A Challenge to End Hunger

Feeding the Gulf Coast, formerly known as Bay Area Food Bank, will be hosting their first Mississippi Chef Challenge on Thursday, September 21, 2017 at the Biloxi Civic Center in Biloxi, MS from 6-9 p.m.

About a year ago, the organization changed its name to better suit its growth of helping to end hunger across 24 counties along the Gulf Coast. 

Their website explains that the event is held during September to raise awareness for Hunger Action Month- a nationwide hunger-relief campaign set forth by their corporate affiliate, Feeding America. 

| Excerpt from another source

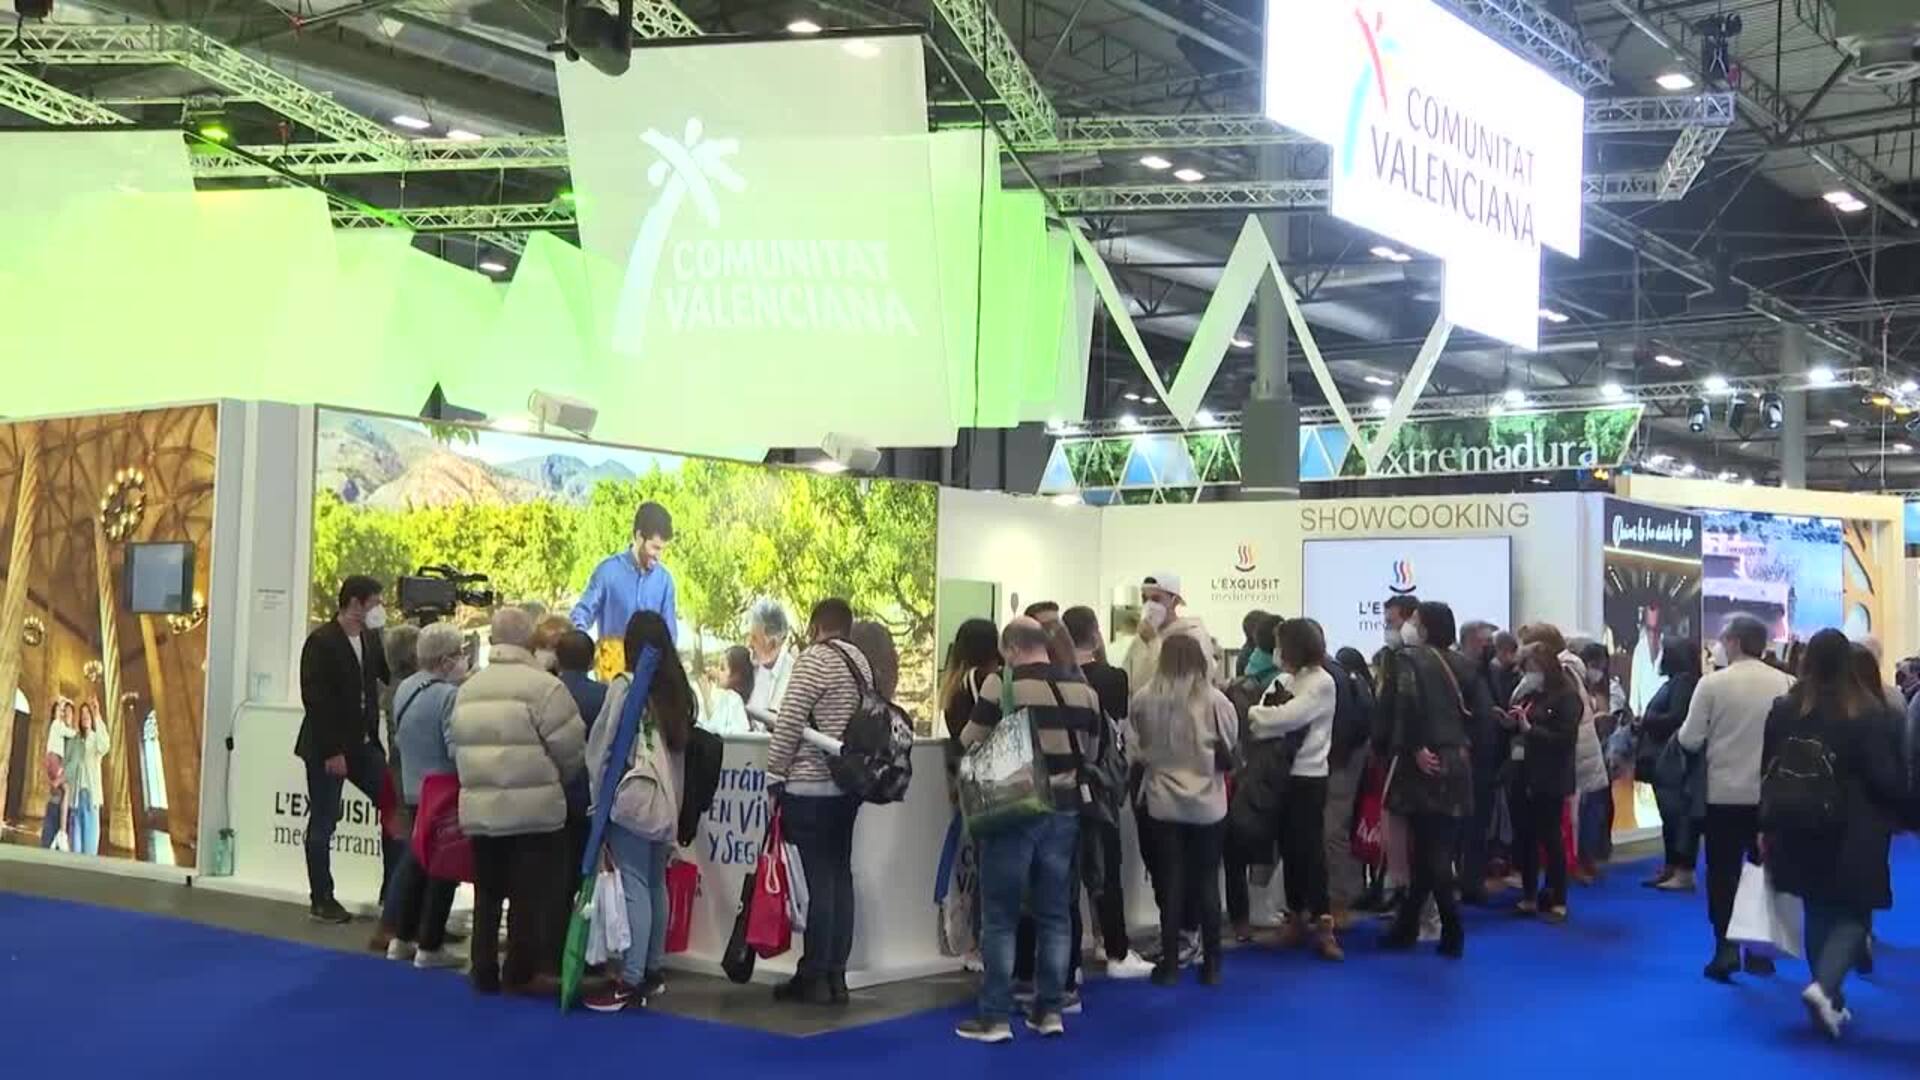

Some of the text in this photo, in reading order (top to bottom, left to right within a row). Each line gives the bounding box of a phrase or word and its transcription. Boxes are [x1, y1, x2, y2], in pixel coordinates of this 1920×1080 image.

The chef challenge will feature 11 chefs from local casinos and restaurants to prepare a dish in one of the four categories: appetizer, entree, soup and dessert. The guests will sample the dishes and vote on their favorite chef in each category along with an overall “People’s Choice” category. In addition, they will also have qualified judges select a “Judge’s Choice” winner. Complimentary beer and wine will be served, so guests must be 21 & over. 

There will also be a silent auction, live entertainment, a photo booth and lots more. 

“We are really embracing the opportunity for community engagement and organization awareness. We want to be able to share our mission, tell guests who we are and the work we do within the extended counties”, says Haley Buchanan of Feeding the Gulf Coast. 

Tickets can be purchased at the door for $75 per person. 

“This event will allow us to continue efforts with our programs such as Backpack Program and our partner food pantries-ultimately leading to bring in more food to the people on the Gulf Coast”, says Buchanan. 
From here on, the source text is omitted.